Document Type
Article
Publication Date
2015
Abstract
This Article urges the Florida legislature to give patients the right to form Ulysses arrangements, which are a special type of mental health advance directive authorizing a doctor to administer treatment during a future episode even if the episode causes the patient to refuse treatment. Acute mental illness episodes may disrupt a patient’s capacity to provide informed consent and cause the patient to refuse necessary intervention. In Florida, a physician cannot involuntarily examine, hospitalize, or treat a person unless she meets strict criteria, essentially requiring the person’s behavior to reveal that she is dangerous to herself or others.
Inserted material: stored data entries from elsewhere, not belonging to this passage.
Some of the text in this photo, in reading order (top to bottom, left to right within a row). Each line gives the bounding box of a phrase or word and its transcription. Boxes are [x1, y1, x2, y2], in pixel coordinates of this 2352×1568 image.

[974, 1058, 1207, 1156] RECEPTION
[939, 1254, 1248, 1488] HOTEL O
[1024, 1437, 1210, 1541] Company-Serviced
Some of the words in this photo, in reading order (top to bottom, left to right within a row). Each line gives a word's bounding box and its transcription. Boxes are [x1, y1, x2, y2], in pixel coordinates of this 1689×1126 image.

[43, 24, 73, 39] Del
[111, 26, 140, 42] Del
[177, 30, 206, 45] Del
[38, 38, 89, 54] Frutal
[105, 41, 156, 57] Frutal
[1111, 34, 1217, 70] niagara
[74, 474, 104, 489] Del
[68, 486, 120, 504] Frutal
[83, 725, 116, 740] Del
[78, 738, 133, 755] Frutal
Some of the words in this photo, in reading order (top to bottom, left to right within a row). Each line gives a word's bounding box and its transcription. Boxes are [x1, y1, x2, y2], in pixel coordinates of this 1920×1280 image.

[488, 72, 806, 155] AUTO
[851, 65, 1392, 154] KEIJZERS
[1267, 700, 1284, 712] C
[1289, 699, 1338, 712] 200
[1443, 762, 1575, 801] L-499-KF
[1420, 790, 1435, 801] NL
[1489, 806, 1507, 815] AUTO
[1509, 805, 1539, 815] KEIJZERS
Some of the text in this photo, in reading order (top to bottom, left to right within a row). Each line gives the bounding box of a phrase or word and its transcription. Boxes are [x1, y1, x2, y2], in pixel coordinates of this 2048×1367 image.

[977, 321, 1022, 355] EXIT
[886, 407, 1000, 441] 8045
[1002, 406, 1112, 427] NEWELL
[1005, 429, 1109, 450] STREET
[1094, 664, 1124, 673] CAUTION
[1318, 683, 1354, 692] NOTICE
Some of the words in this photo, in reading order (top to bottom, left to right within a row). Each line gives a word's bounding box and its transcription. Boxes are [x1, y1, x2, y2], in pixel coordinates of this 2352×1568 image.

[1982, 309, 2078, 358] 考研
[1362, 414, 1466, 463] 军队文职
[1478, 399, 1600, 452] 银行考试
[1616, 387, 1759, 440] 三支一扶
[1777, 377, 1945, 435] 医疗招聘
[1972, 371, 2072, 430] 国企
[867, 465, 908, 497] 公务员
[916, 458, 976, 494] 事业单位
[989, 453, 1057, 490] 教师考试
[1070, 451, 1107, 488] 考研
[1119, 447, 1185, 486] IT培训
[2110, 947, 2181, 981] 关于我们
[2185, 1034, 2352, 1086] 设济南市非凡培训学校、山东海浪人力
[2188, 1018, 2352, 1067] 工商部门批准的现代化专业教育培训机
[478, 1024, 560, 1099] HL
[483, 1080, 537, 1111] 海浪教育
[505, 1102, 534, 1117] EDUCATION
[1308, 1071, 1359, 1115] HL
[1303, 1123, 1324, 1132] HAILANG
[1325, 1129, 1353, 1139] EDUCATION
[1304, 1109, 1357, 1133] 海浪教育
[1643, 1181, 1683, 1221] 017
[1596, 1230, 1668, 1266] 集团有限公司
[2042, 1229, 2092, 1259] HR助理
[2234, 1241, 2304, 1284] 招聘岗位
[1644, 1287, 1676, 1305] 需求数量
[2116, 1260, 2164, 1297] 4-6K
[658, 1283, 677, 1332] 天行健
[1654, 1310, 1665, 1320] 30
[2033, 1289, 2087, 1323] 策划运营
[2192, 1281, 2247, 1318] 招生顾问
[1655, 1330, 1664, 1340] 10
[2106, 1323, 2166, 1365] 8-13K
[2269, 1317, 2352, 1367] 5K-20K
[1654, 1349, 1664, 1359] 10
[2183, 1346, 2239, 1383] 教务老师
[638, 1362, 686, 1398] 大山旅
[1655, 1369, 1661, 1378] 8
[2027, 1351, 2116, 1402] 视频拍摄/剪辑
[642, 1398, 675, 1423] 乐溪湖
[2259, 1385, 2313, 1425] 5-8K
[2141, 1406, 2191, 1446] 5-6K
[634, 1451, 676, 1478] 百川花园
Even a person exhibiting signs of psychosis and clearly in need of treatment may not meet such strict criteria. In such cases, intervention is postponed until the person becomes dangerous. In the meantime, the untreated episode may damage the person’s relationships, savings, employment, safety, and mental and physical health. This Article explores how Florida law deprives patients of the ability to form Ulysses arrangements. It proposes legislative relief for Florida’s mental health patients, which authorizes Ulysses arrangements. One novel component of this legislative relief provides patients the option to arrange for involuntary transportation to a hospital. Episodes which cause treatment refusals also cause patients to refuse transportation to a hospital. If a patient is unable to obtain transportation in contravention of refusals, she cannot secure intervention through her Ulysses arrangement.
Recommended Citation
Judy Clausen, Bring Ulysses to Florida: Proposed Legislative Relief for Mental Health Patients, 16 Marq. Elder's Advisor 1 (2015).